University of Dundee

MRC DTP 4 Year PhD Programme: Cell biology of a bacterial nano-weapon. Supervisors: Dr Sarah Coulthurst (Lead); Dr Colin Rickman (2nd Supervisor), Heriot-Watt

Many bacterial pathogens use the Type VI secretion system (T6SS) nanomachine to fire diverse, toxic ‘effector’ proteins directly into target cells. It is becoming increasingly apparent that the T6SS plays a key role in the virulence and competitiveness of diverse Gram-negative bacteria, including important human pathogens. Pathogens can use T6SSs to directly target eukaryotic organisms, as classical virulence factors. Alternatively, many pathogens can use T6SSs to target other bacterial cells, killing or inhibiting rivals. ‘Anti-bacterial’ T6SSs thus provide a competitive mechanism to allow pathogens to proliferate in polymicrobial infection sites or environmental reservoirs and ultimately cause disease. Understanding how the T6SS is deployed and the lethal consequences of its effectors on targeted bacterial cells therefore offers the potential to uncover new ways to kill or inhibit bacterial pathogens.
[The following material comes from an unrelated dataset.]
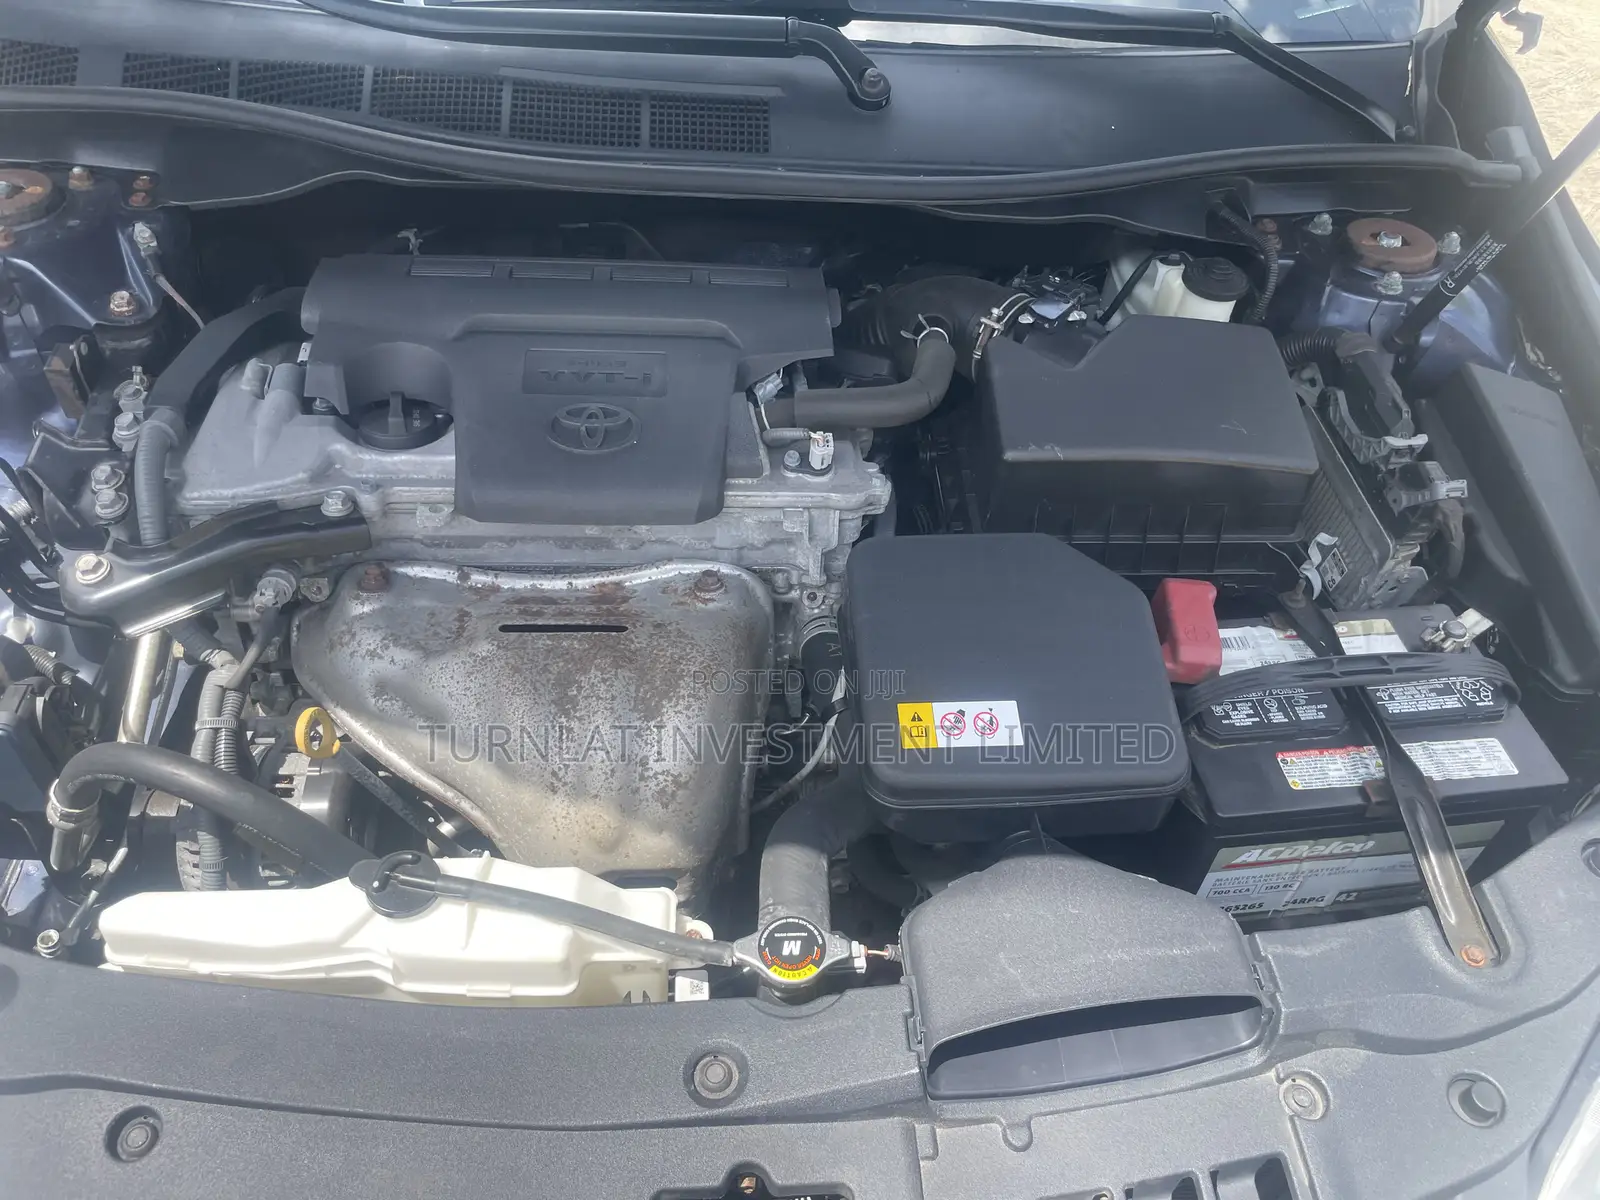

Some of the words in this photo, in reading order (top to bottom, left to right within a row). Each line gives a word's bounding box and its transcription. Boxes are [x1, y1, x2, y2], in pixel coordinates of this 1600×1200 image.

This project aims to develop and utilise advanced fluorescence microscopy and image analysis methodologies to better understand how the T6SS is deployed and the consequences of specific effectors on targeted bacterial cells. In previous work, we have shown that the potent anti-bacterial T6SS of an opportunistic pathogen, Serratia marcescens, is deployed in an offensive manner and delivers multiple anti-bacterial toxins. Furthermore, we and others have shown that single cell microscopy approaches allow visualisation of the T6SS structure, firing events, and the subsequent impact on target cells. In this project, we will further investigate how the T6SS is deployed, using a combination of genetic, biochemical, high- and super-resolution microscopy and image analysis methods. Additionally we will elucidate the consequences of an individual T6SS-delivered anti-bacterial effector protein on the targeted bacterial cell, again by combining state-of-the-art single cell imaging with complementary genetic and molecular analyses.